+++ Material for the task

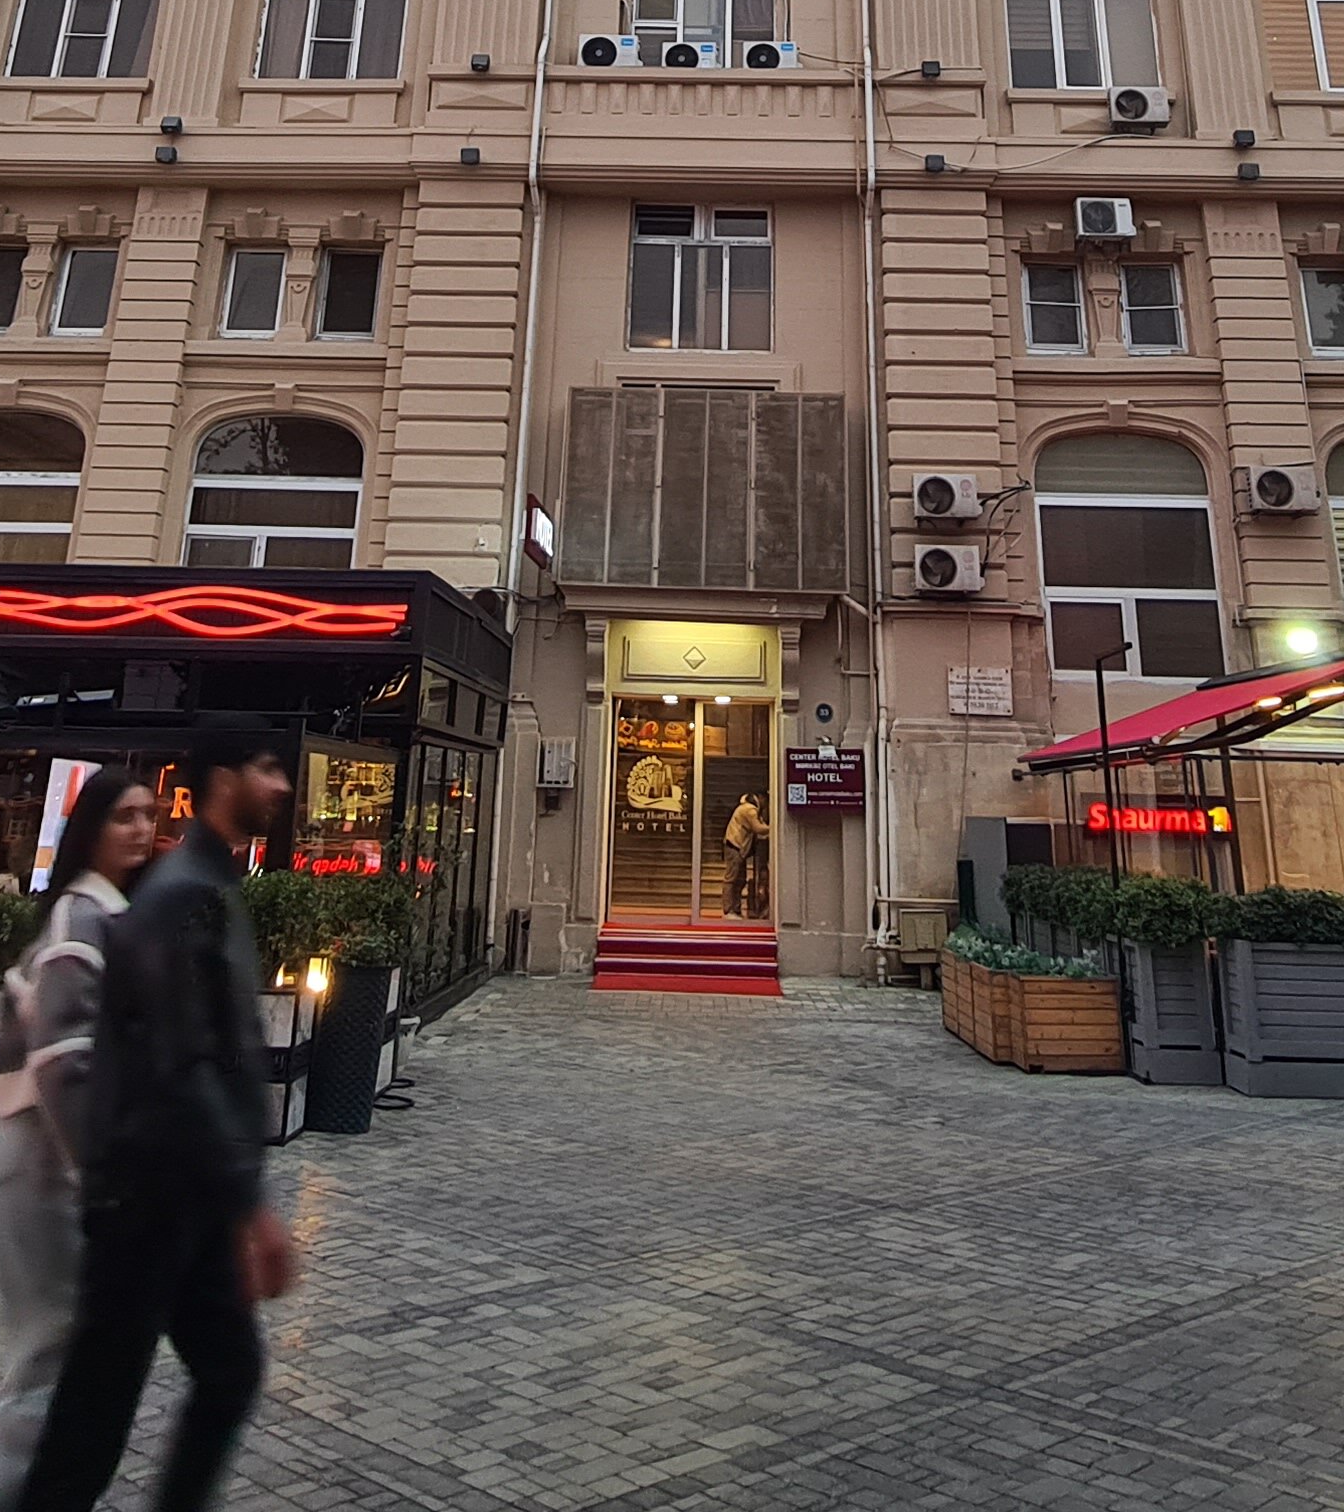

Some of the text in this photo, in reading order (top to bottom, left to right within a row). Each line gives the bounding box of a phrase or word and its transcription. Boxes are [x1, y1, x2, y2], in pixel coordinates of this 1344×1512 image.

[789, 753, 817, 761] CENTER
[841, 754, 861, 762] BAKU
[807, 772, 843, 783] HOTEL
[622, 822, 686, 833] HOTEL

++++++

◆ Work order
The listing above needs to be output again exactly. Don't include the pictures.

◆ Response area
Some of the text in this photo, in reading order (top to bottom, left to right within a row). Each line gives the bounding box of a phrase or word and its transcription. Boxes are [x1, y1, x2, y2], in pixel coordinates of this 1344×1512 image.

[789, 753, 817, 761] CENTER
[841, 754, 861, 762] BAKU
[807, 772, 843, 783] HOTEL
[622, 822, 686, 833] HOTEL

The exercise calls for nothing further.